1

I have this code below which checks whether the user has entered a syntactically correct url. Regex code was got from Regular expressions in C: examples?

printf("Enter the website URL:\n");
fgets(str, 100, stdin);
if (!strcmp(str, "\n")) {
    printf("Empty URL ");
    exit(2);
}

regex_t regex;
int reti;
char msgbuf[100];

/* Compile regular expression */
reti = regcomp(&regex, "[a-zA-Z0-9\\-\\.]+\\.[a-zA-Z]{2,3}(/\\S*)?$", 0);
if (reti) {
    fprintf(stderr, "Could not compile regex\n");
    exit(3);
}

/* Execute regular expression */
reti = regexec(&regex, str, 0, NULL, 0);
if (!reti) {
    puts("Match");
} else if (reti == REG_NOMATCH) {      //This else if always executes.
    puts("No match");
    exit(4);
} else {
    regerror(reti, &regex, msgbuf, sizeof (msgbuf));
    fprintf(stderr, "Regex match failed: %s\n", msgbuf);
    exit(5);
}

/* Free compiled regular expression if you want to use the regex_t again */
regfree(&regex);

However the regex always fails, even if the url entered is correct. I know the regex is correct but for some reason it fails on the 'Execute regular expression' part. Even if the user enters a syntactically correct URL the else if always executes.

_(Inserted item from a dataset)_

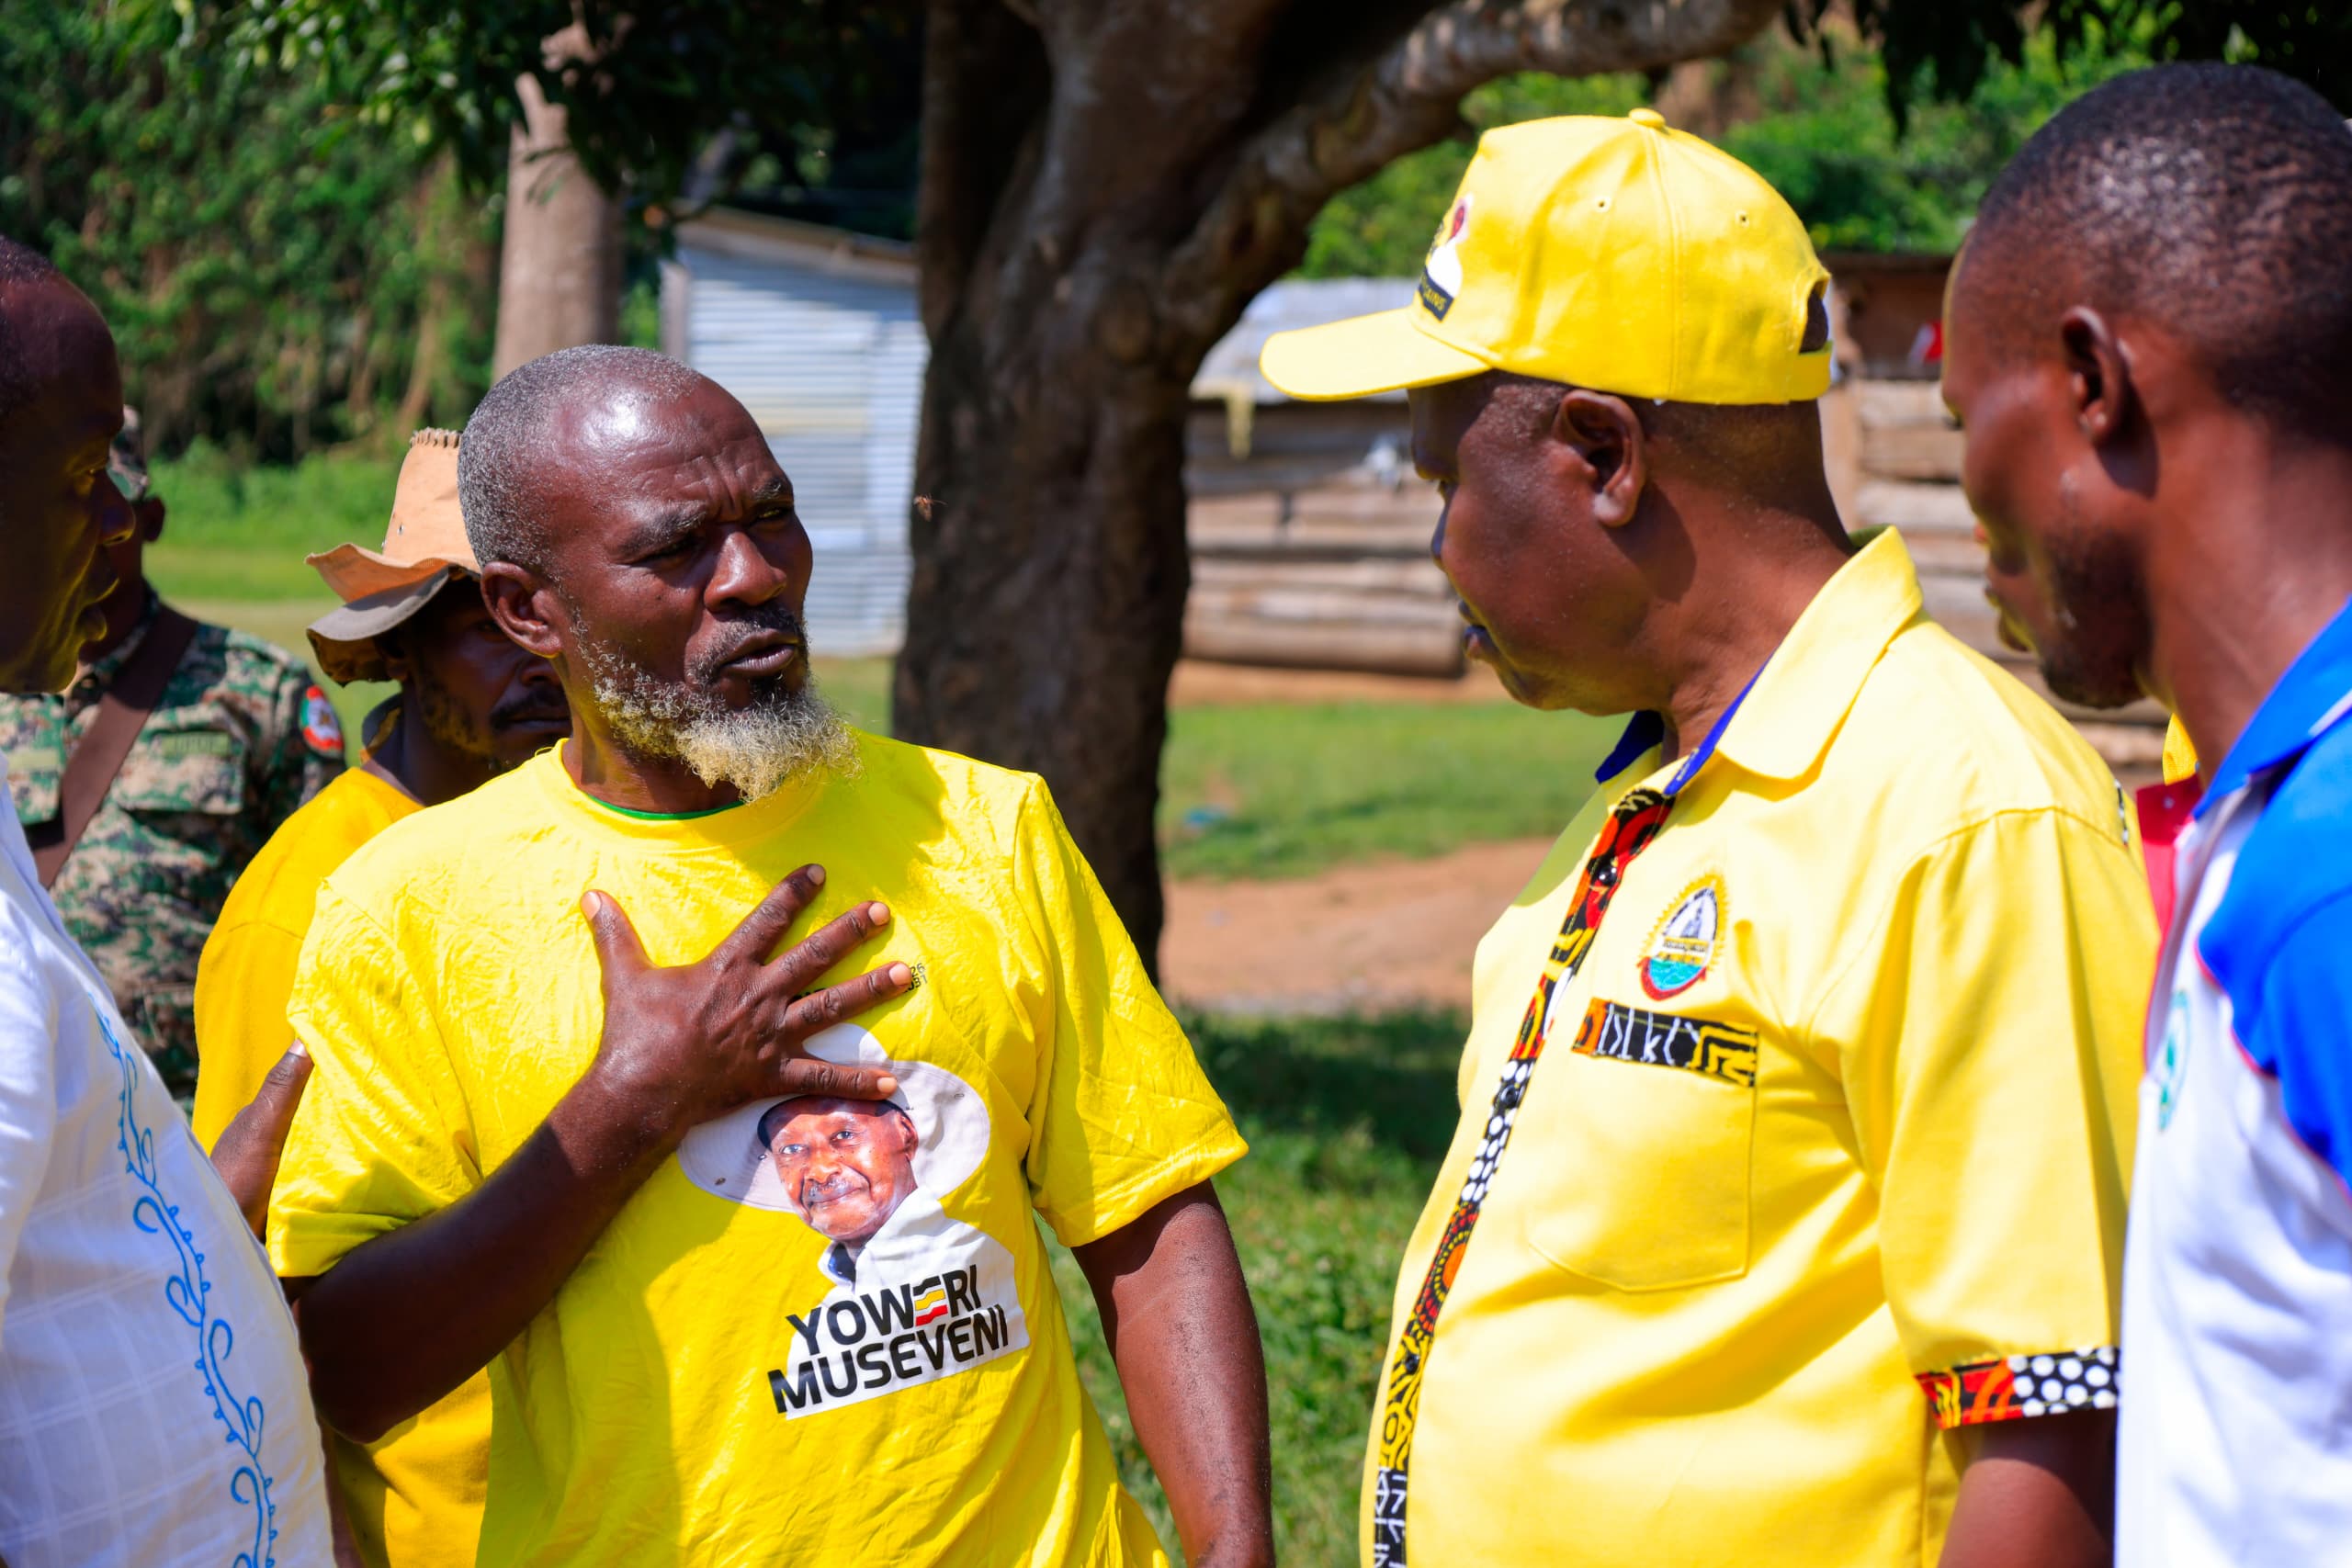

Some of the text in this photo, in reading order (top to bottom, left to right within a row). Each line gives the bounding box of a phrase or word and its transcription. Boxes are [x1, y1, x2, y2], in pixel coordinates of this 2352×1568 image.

[910, 963, 926, 977] 26
[786, 1264, 980, 1356] YOWERI
[767, 1304, 1008, 1414] MUSEVENI

What could be the reason for the else if always executing?

Community
  • 1
  • 1
user667430
  • 1,487
  • 8
  • 38
  • 73

1 Answers1

5

Your pattern is not valid!

Note that POSIX defines two flavors of Regex: Basic (BRE) and extended (ERE) (see Wikipedia). Since you want to use the "extended" flavor, pass the REG_EXTENDED flag to regcomp().

Here are (some of?) the problems with your pattern:

[a-zA-Z0-9\\-\\.]+\\.[a-zA-Z]{2,3}(/\\S*)

  • Within brackets ([]), you don't need to escape special characters. In fact, you cannot escape them and [a-zA-Z0-9\-\.] will match backslashes, but not the hyphen, since \-\ is interpreted as the range from \ to \. If you want to match the hyphen, place it first or last in the character list: [a-zA-Z0-9.-]
  • The Perl-style character class \S is not supported by POSIX. Use [^[:space:]] instead.
  • Quantifiers {} need to be written as \{\} with BRE
  • The + and ? quantifiers are only supported by ERE

To summarize, replace the call to regcomp() with this one:

reti = regcomp(&regex, "[a-zA-Z0-9.-]+\\.[a-zA-Z]{2,3}(/[^[:space:]]*)?$", REG_EXTENDED);
Tim Pietzcker
  • 328,213
  • 58
  • 503
  • 561
Ferdinand Beyer
  • 64,979
  • 15
  • 154
  • 145